23/11/2015 11:32 GMT | Updated 23/11/2015 11:59 GMT

David Cameron Mocks Labour Splits Over Defence Policy

PA/PA Wire
Labour leader Jeremy Corbyn responds after Prime Minister David Cameron made a statement to MPs in the House of Commons, London where he announced his government's Strategic Defence and Security Review (SDSR).

David Cameron mocked Jeremy Corbyn in the Commons today following last week's explosive internal-Labour Party row over Ken Livingstone's appointment to co-chair a review of the party's defence policy.

The prime minister told MPs: "We look forward to this review, being carried out as it is, by Ken Livingstone.
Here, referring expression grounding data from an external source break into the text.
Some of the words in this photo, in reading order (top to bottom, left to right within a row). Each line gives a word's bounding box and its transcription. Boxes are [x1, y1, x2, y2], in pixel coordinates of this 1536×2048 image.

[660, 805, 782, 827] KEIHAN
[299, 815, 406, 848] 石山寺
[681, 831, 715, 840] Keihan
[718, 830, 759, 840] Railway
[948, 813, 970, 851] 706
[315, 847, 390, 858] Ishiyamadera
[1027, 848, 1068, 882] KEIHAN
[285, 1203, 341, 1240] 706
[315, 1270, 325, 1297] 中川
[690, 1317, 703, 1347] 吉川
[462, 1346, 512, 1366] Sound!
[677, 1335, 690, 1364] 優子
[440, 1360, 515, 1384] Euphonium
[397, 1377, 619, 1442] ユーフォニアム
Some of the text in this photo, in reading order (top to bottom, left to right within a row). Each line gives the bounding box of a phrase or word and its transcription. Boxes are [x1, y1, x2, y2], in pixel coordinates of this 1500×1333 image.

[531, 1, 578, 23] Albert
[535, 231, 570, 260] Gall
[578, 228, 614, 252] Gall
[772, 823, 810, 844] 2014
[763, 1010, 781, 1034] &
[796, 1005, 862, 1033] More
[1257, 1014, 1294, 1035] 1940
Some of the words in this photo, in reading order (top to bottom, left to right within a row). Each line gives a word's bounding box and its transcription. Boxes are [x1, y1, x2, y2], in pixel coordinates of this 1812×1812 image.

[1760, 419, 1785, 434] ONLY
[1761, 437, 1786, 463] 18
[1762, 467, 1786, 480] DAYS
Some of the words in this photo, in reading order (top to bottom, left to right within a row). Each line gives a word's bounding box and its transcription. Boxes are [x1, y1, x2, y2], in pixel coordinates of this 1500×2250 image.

Someone who has absolutely no idea about defence but every idea about attacking hard working frontbenchers who try to do their job for the party opposite."

Cameron made the jibe in the Commons after delivering the government's Strategic Defence and Security Review (SDSR).

Corbyn, flanked by shadow defence secretary Maria Eagle, had used his response to the to announcement on military procurement to highlight Labour's upcoming policy review.

Last week Labour was engulfed in a very public row over Livingstone's appointment - with Eagle said to have found out about the news from Twitter.

The pair have very different views on defence policy. Livingstone is opposed to renewing Britain's nuclear weapons while Eagle is in favour.

Laughing at Cameron's joke, Eagle pointed at herself indicating she was leading the review not Livingstone.

Shadow defence minister Kevan Jones had criticised Livingstone's appointment. Livingstone hit back by saying Jones needed "psychiatric help". Comments that were immediately condemned by Labour MPs given Jones has suffered from depression.

Jones was widely cheered by MPs on all sides of the Commons earlier on Monday when he stood up to ask a question of the defence secretary.

In the Commons today, Cameron promised to set out a "comprehensive" strategy for tackling Islamic State (IS) on Thursday that will include British air strikes on the terrorists' bases in Syria.

He confirmed he would be coming to parliament to "make the case" for wider military action after holding talks with French president Francois Hollande in the wake of the attacks on Paris.